Zoe Quinn's ex lit the spark that set off these people and led to the smoldering fire of #GamerGate. It started with misogyny, and it will always be about misogyny. And #GamerGate will burn out and die, because anybody who doesn't hate women can look at the evidence for two seconds and determine that it's about misogyny. The misogynists will remain, but their credibility will be as low as ever. I just don't know if their frustration and harassment will be worse or if they'll burn themselves out with this one.


Cole said...

Your tags make me LOL

Lindsey Weedston said...

Thanks :D

Tribalmind said...

Interesting. I actually just saw a video claiming the exact opposite.
(not sure if you allow links in here but this is what I'm talking about, i'll remove it if you want)
Rather concerned that this argument is actually two seperate arguments. I think really there are two issues here and they have been bundled into the same argument somehow. There are some poeple that are quite upset about game journalist integerity and they have taken up that argument (just because journalist sites didn't care about it doesn't mean the readers didn't believe it was unbias). Then there are people concerned with the discrimination agaisnt women in games and some have taken up that argument.
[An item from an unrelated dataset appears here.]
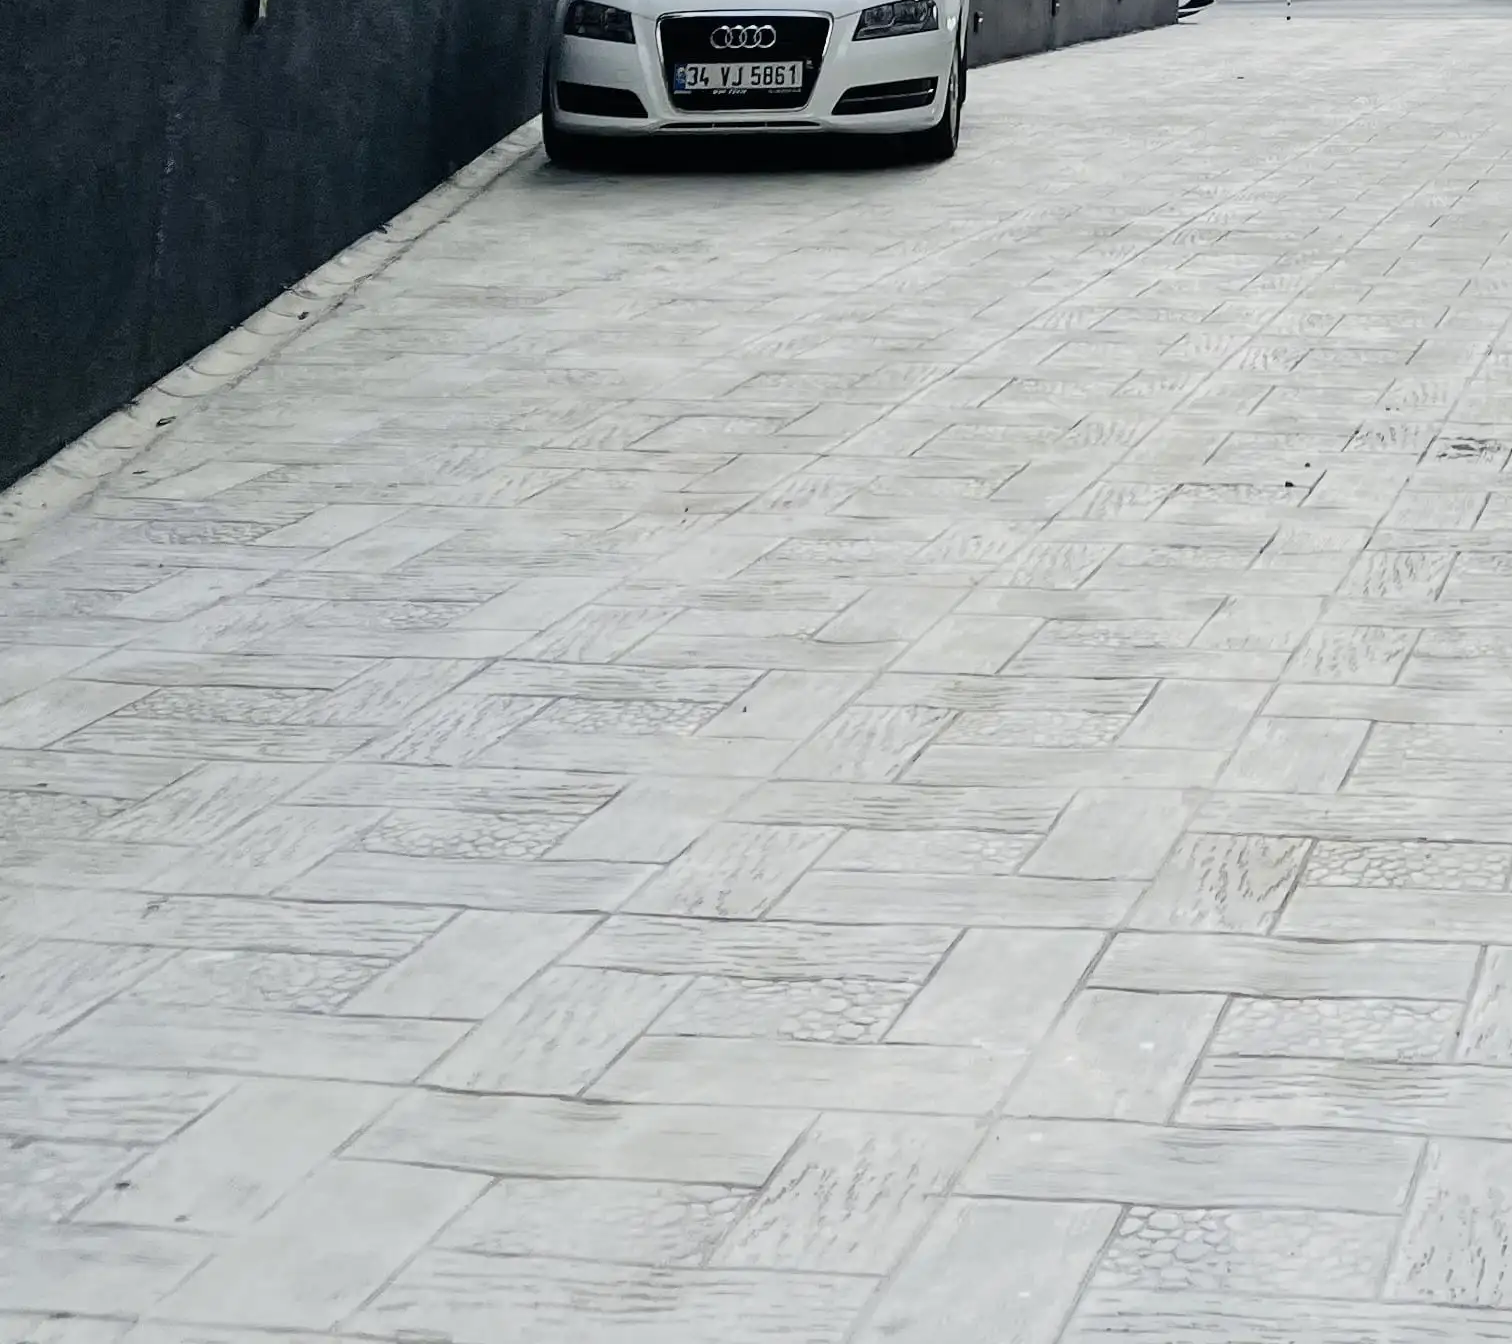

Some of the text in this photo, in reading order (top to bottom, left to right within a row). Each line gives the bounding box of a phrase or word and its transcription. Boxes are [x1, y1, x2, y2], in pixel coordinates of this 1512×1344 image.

[687, 66, 709, 87] 34
[721, 66, 743, 87] VJ
[751, 64, 797, 86] 5861
Many 'gamers' simply don't care about the women issue and truly are angry at the integrity issue, they have found many instances of this and have long moved past the initial catalyst so to speak. Their argument is entirely about journalists and is nothing to do with the feminism side of this.

That said this has also become a massive argument as you have written above (though I feel you really like belittling males in this post, you argument may be valid but be careful not so sink to their level when making it please)
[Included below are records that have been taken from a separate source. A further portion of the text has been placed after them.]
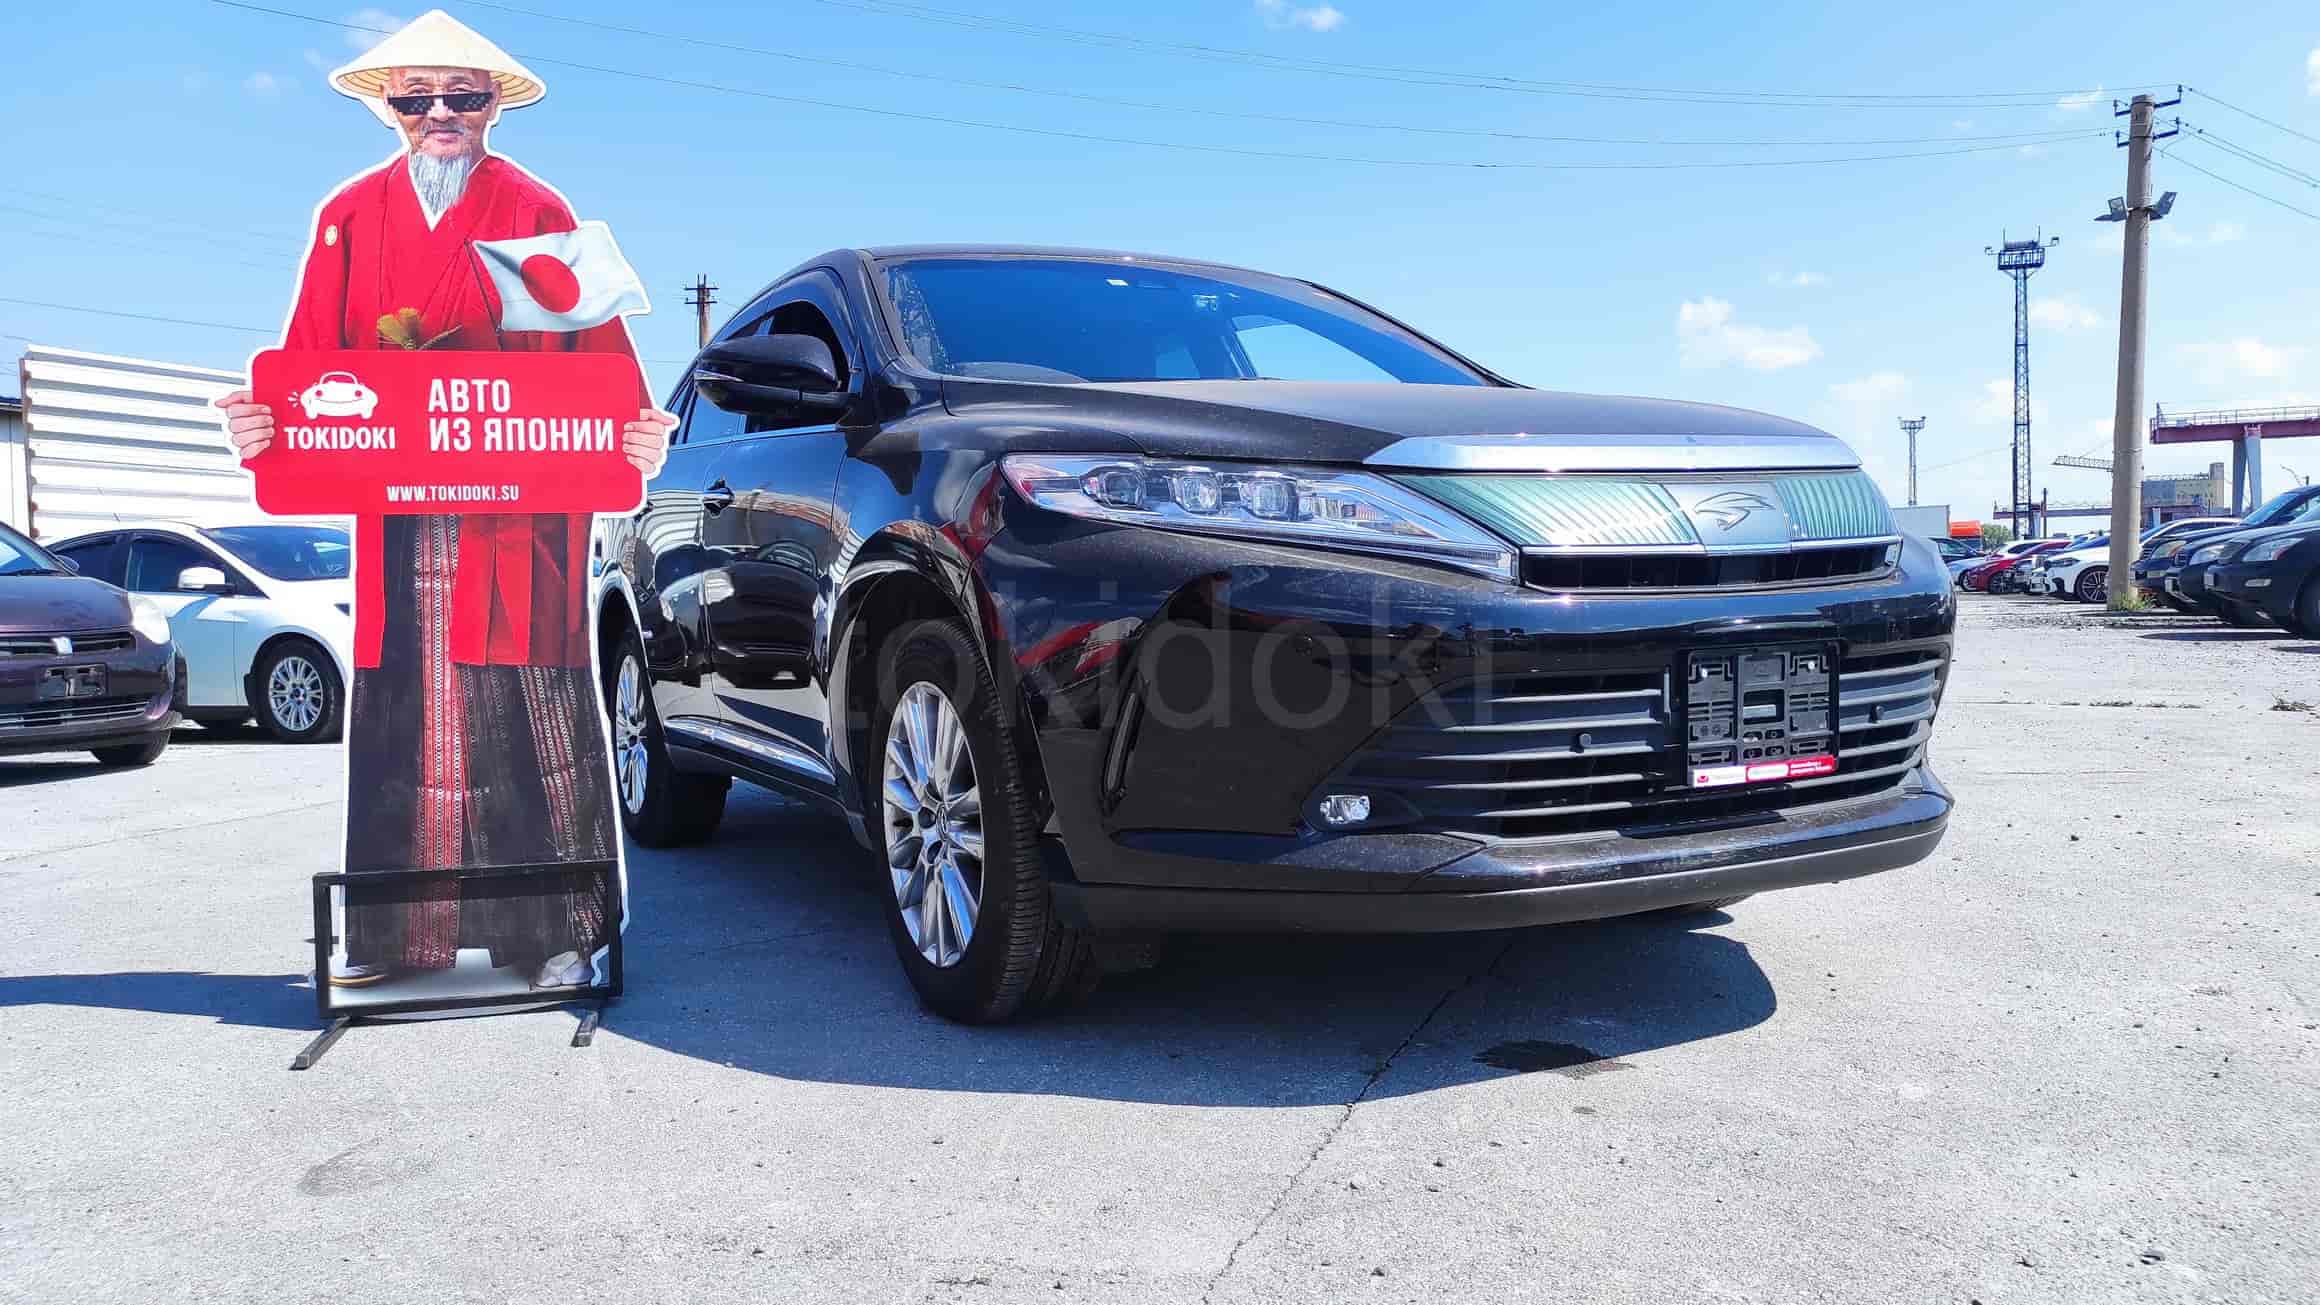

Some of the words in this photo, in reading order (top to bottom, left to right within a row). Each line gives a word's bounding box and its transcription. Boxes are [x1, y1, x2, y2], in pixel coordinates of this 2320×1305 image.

[428, 379, 511, 413] АВТО
[284, 426, 396, 450] TOKIDOKI
[429, 418, 472, 451] ИЗ
[484, 418, 615, 451] ЯПОНИИ
[386, 485, 520, 503] WWW.TOKIDOKI.SU
These are now seperate arguments and people care for both of them, they are just annoyingly still stuck under the same banner.

Char said...

they dare to speak but it's you guys who are silencing them/

























Char said...

they dare to speak, is just that you guys are silencing them.


















































dirtshacks said...

Thanks for the good laugh for today.
What a diluted cause, kept your opinion i don't have time to be yelled at.

Lindsey Weedston said...

That was as incomprehensible as it was inconsistent.
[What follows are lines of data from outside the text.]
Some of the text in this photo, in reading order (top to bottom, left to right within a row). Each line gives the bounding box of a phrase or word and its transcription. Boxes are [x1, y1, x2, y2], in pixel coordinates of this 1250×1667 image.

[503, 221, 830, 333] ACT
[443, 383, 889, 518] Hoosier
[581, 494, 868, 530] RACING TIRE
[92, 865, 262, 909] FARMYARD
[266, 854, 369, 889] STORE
João Pedro S. Geraldo said...

Well, I must admit that being a...well, I'm not a very connected person and I'm not really aware of big online movements. But just today I discovered about this Gamegate thing by accident on a Youtube video, and I decided to look for it. I read about in four different websites, including Wikipedia, and I feel like this post is the most sobering view of the whole affair.

Also, yeah...those hashtags are lovely, bahaha.

Lindsey Weedston said...

Thank you! The whole GameGate thing is super polarized and convoluted, so it's hard to really do any research on it. But if you look at the opinions of pretty much any real video game journalist or know anything about journalism, you can see the bullshit pretty clearly.